Professor and Martin Distinguished Chair in Ocean, Earth and Climate Science
Ph.D. University of Washington, 1999
Research interests: glaciers, climate, geomorphology

Picture of Kurt Cuffey

The global physical environment is a vast and complex machine composed of numerous interconnected systems capable of dramatic change over brief intervals of time. A solid understanding of the character and dynamics of this machine can explain a diversity of engaging geographical phenomena, from the aesthetically stunning views on a high Sierra Nevada mountain summit to the devastating loss of life and property resulting from landslides and floods. The purpose of my scholarship is to design, improve, evaluate, and enjoy such explanations. Two complementary approaches in this pursuit are (1) to achieve a rigorous physically-based understanding of environmental processes and system dynamics, and (2) to reconstruct the remarkable "natural experiments" of Earth's environmental history.

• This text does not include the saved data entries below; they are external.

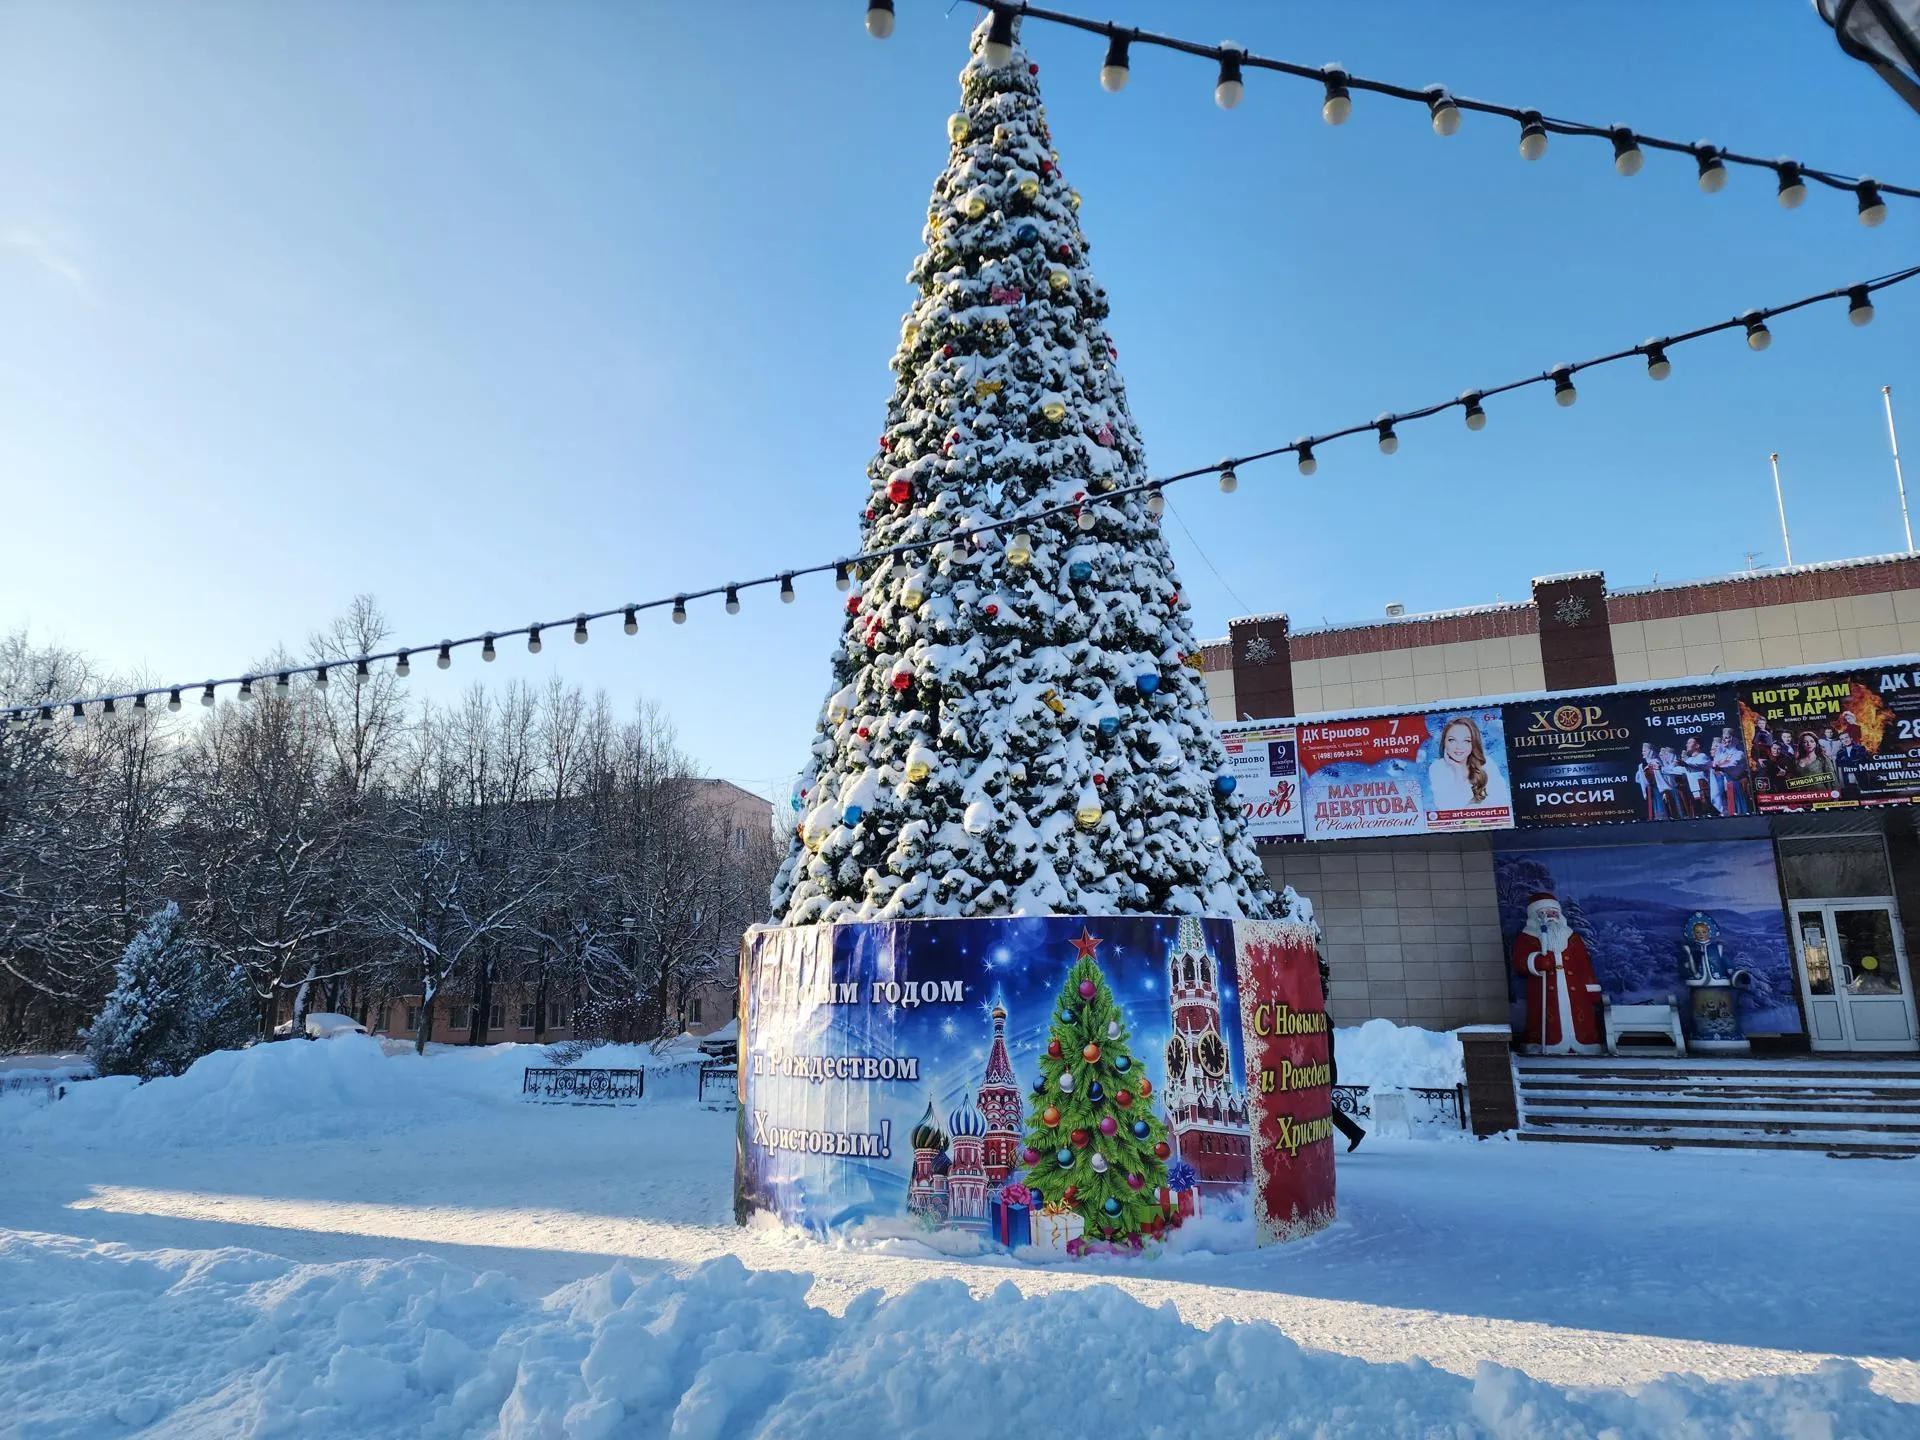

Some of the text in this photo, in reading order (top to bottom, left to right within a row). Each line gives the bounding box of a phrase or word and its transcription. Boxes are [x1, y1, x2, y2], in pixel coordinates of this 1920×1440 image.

[1880, 673, 1909, 693] ДК
[1649, 693, 1716, 706] ДОМ КУЛЬТУРЫ
[1752, 683, 1850, 705] НОТР ДАМ
[1677, 701, 1715, 710] ЕРШОВО
[1767, 708, 1784, 720] ДЕ
[1789, 700, 1841, 717] ПАРИ
[1527, 705, 1609, 732] ХОР
[1645, 712, 1726, 727] 16 ДЕКАБРЯ
[1302, 726, 1370, 744] ДК Ершово
[1389, 719, 1399, 736] 7
[1674, 725, 1703, 735] 18:00
[1373, 734, 1420, 748] ЯНВАРЯ
[1514, 727, 1630, 748] ПЯТНИЦКОГО
[1277, 745, 1286, 759] 9
[1317, 751, 1333, 760] (498)
[1333, 749, 1363, 759] 690-84-25
[1390, 747, 1409, 755] 18:00
[1908, 748, 1920, 758] С
[1859, 761, 1902, 772] МАРКИН
[1519, 775, 1628, 789] НАМ НУЖНА ВЕЛИКАЯ
[1757, 779, 1768, 789] 6+
[1789, 774, 1831, 787] ЖИВОЙ ЗВУК
[1327, 781, 1399, 800] МАРИНА
[1535, 789, 1615, 806] РОССИЯ
[1774, 792, 1829, 801] art-concert.ru
[1314, 795, 1418, 821] ДЕВЯТОВА
[1451, 808, 1508, 818] art-concert.ru
[1327, 814, 1419, 831] Рождеством!
[872, 980, 964, 1009] годом
[1254, 1003, 1270, 1037] С
[1275, 1004, 1319, 1036] Новым
[754, 1044, 919, 1084] и Рождеством
[1261, 1069, 1275, 1093] и
[753, 1109, 892, 1158] Христовым!

I use both approaches.

Constraints on time, technology, and brainpower have forced me, like most scholars, to the bittersweet reality of specialization; my research efforts emphasize environmental change of polar regions, with a focus on glaciologic problems. The choice of polar glaciology reflects the unique and powerful contributions that this subdiscipline makes to environmental change research. Ice core reconstructions of environmental history offer the most comprehensive, varied, and high-resolution view yet achieved of past environments. The ice sheets themselves are a major control on global sea level and albedo, and on high-latitude atmospheric and oceanic circulations, and on physical landscape characteristics. No other topographic features of this size and importance are changeable on such short time scales.

I use a quantitatively rigorous and novel blend of geophysical and geochemical techniques to address questions that are important in this context: How have climatic temperature and atmospheric greenhouse gas concentrations covaried in the past? What is the tempo and magnitude of climate changes in polar regions? What determines the isotopic composition of precipitation? How have the great ice sheets changed in the past, and how will they change in the future? How do they flow? How are microphysical processes in ice manifest at the scale of whole glaciers and ice sheets?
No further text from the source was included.